The championship trophy hoisted by the Crimson Tide will be on display today at a Walmart in Tuscaloosa and then Sunday at one in Gardendale.

Friday, January 8, 2010

The morning after . . .

Not that we smelled a conspiracy -- nobody would accuse Alabama fans of having an us-against-the-world mentality, would they? -- but isn't it interesting how the anti-SEC sentiment began to coagulate in the hours before the Alabama-Texas BCS championship game: For the good of college football, the SEC has to be stopped; the SEC has a built-in advantage in a corrupt and corroded system. This morning, fans who couldn't find Boise State with Mapquest have grabbed the Broncos by the mane and hoisted them into the air as Exhibit I, challenging the legitimacy of another Alabama national title and the concept of last night's one-game showdown between two tradition-bound teams.

To which I now turn to the backside of Bevo to offer my response. Let her rip, Big Boy!

One day we will have a playoff system. Had it been in place this year, it's impossible to know if Alabama would have won it, just as it was impossible to predict that Colt McCoy would be lost from his final college game on the first series of downs.

But we do know this. No team this year ran a gauntlet as fierce as Alabama. In this imperfect system, Bama played the second toughest schedule in the country. When other teams opened with patsies, the Tide risked it all with a big-time, out-of-conference opponent.
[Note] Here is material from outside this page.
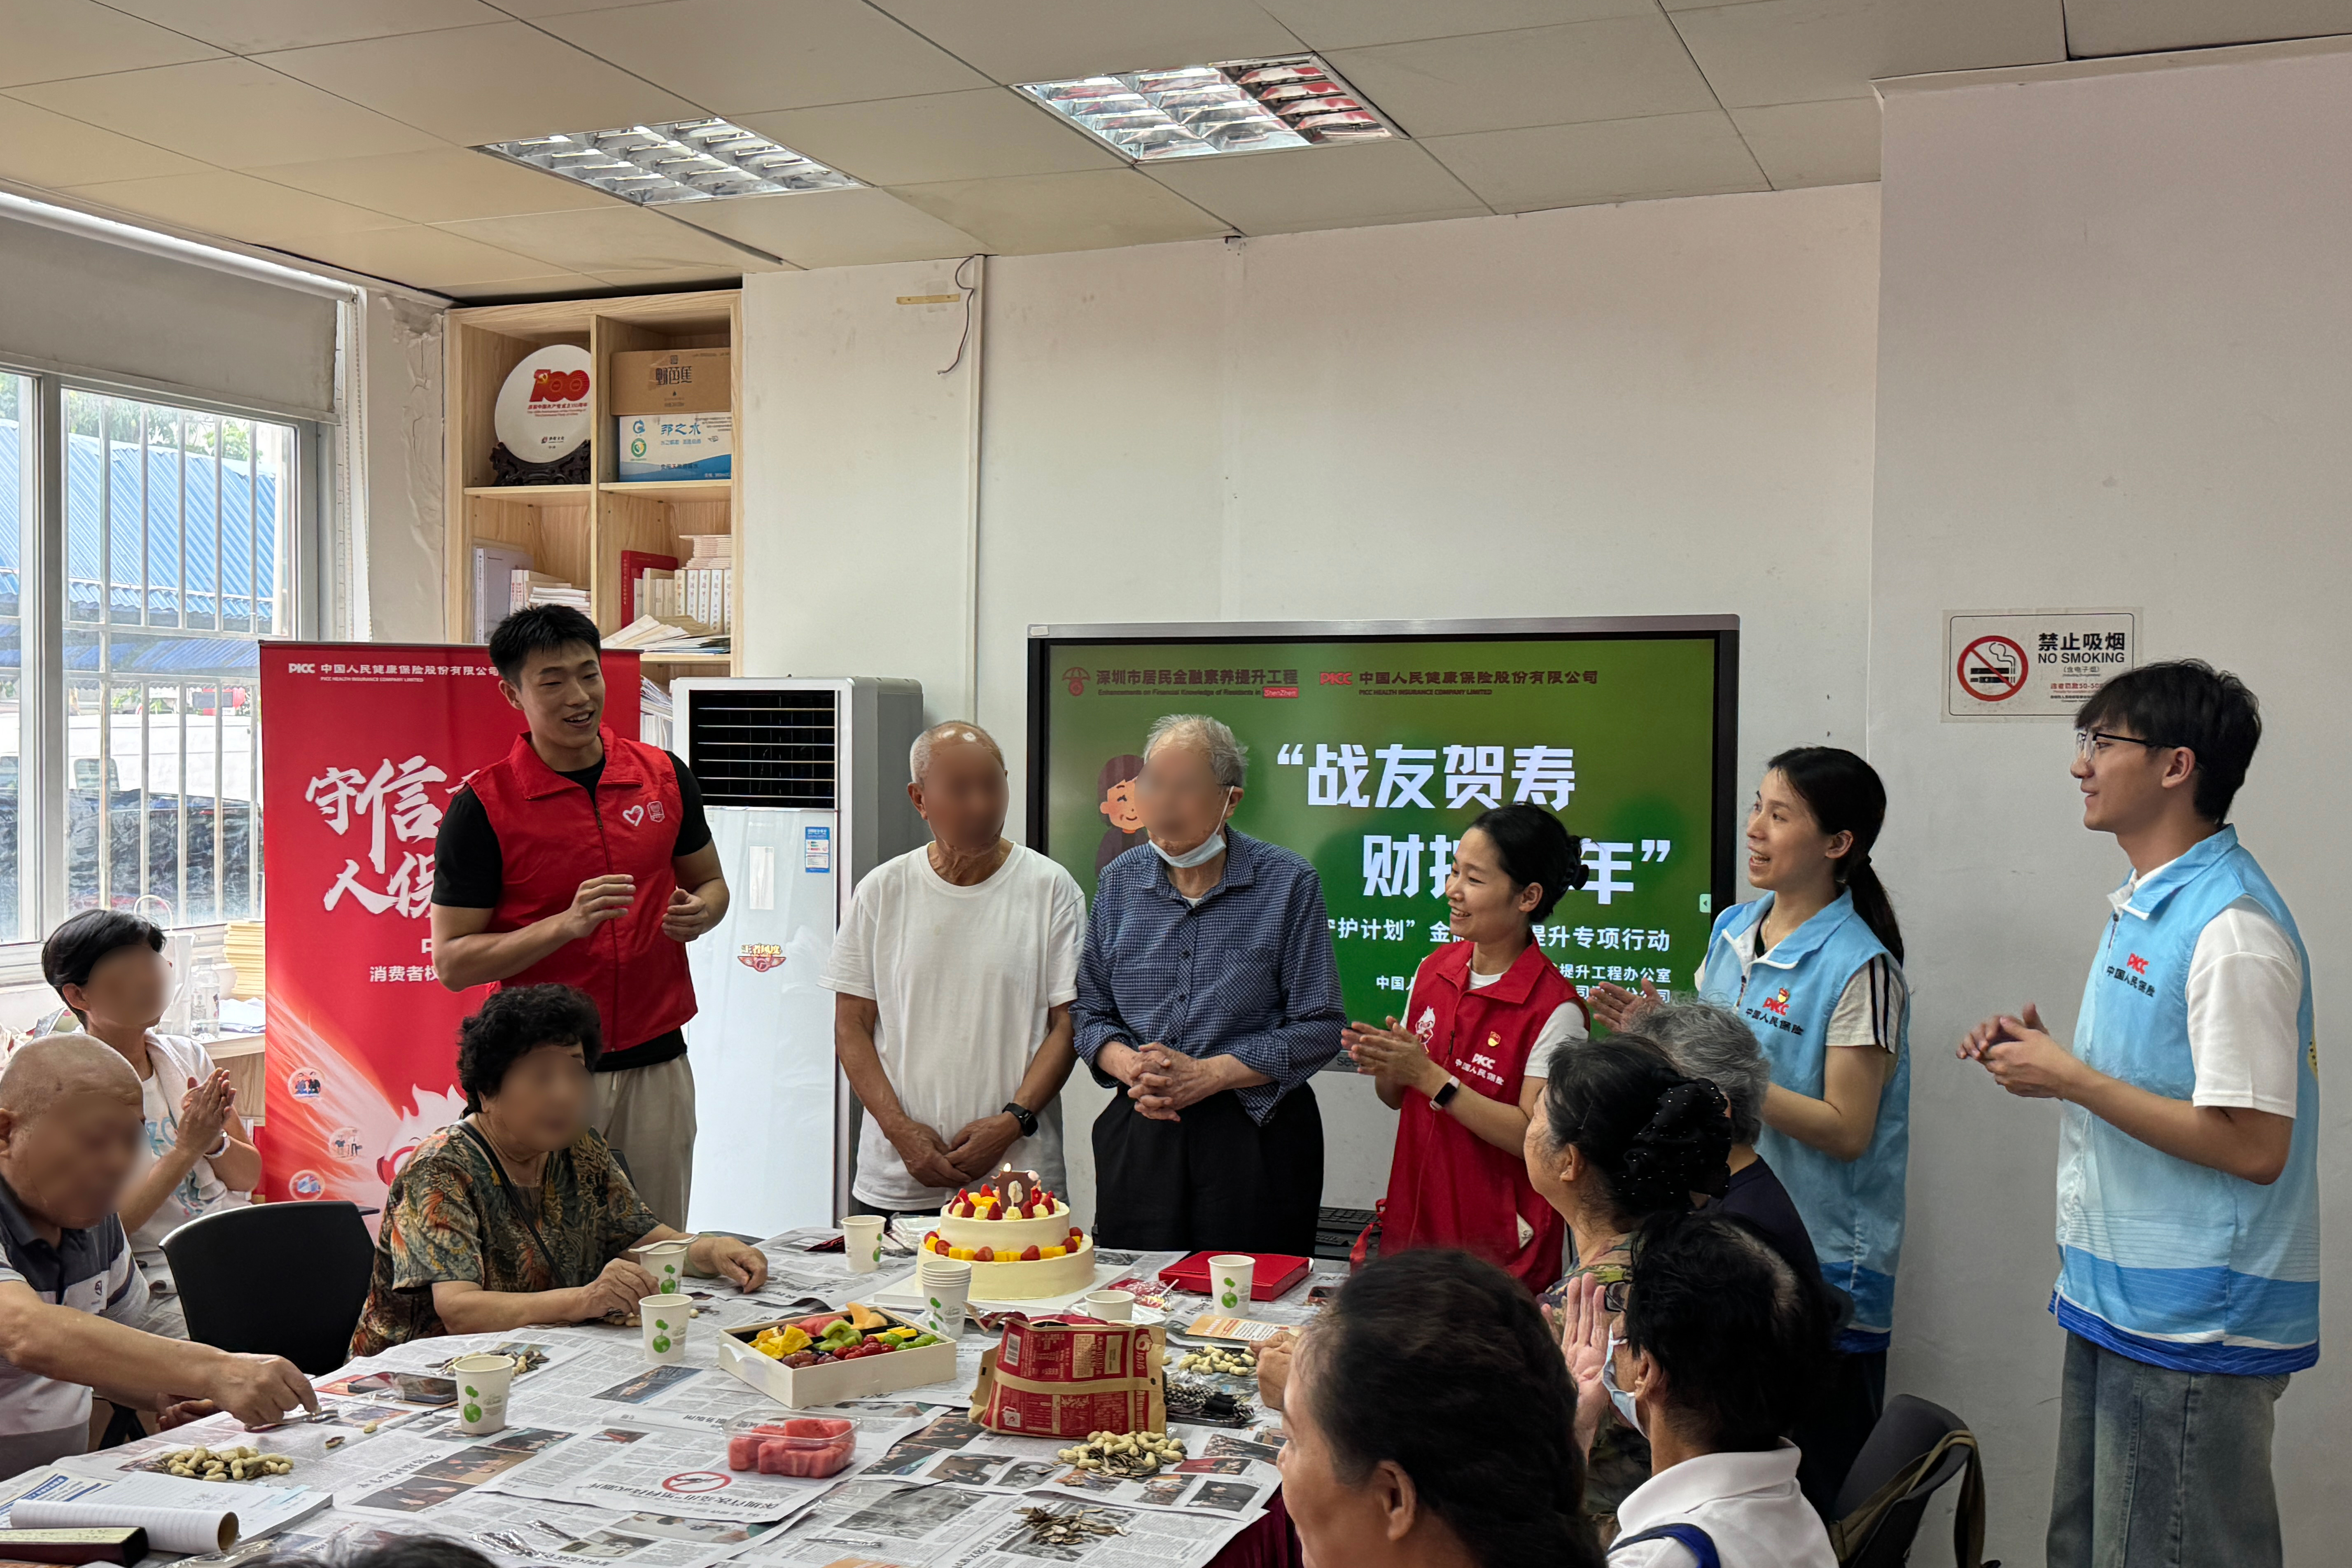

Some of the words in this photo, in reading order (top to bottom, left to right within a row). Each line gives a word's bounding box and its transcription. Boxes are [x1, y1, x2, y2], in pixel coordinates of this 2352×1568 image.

They played a nearly perfect game against Florida, the team they had been measuring themselves against for two years. Alabama won 13 games to get to Pasadena. What happens when it gets to winner-takes-all always involves some flip of the coin.

Last night against gallant Texas, Alabama took what the game gave them, then took the game back when Texas had fought to the cusp of what would have been perhaps the greatest win in UT's gold-plated history.

Now, there are two undefeated teams. This isn't a movie. Boise and Alabama won't be sneaking out to an open field Sunday afternoon to settle things. And from this perspective, they don't have to. The Broncos had a terrific year, and will likely start the 2010 season ranked in the Top 5. That will put them into the position to finally break through into the Last Game. If they do, they'll put more pressure on the sport's powers to seriously reconsider how they pick their champion.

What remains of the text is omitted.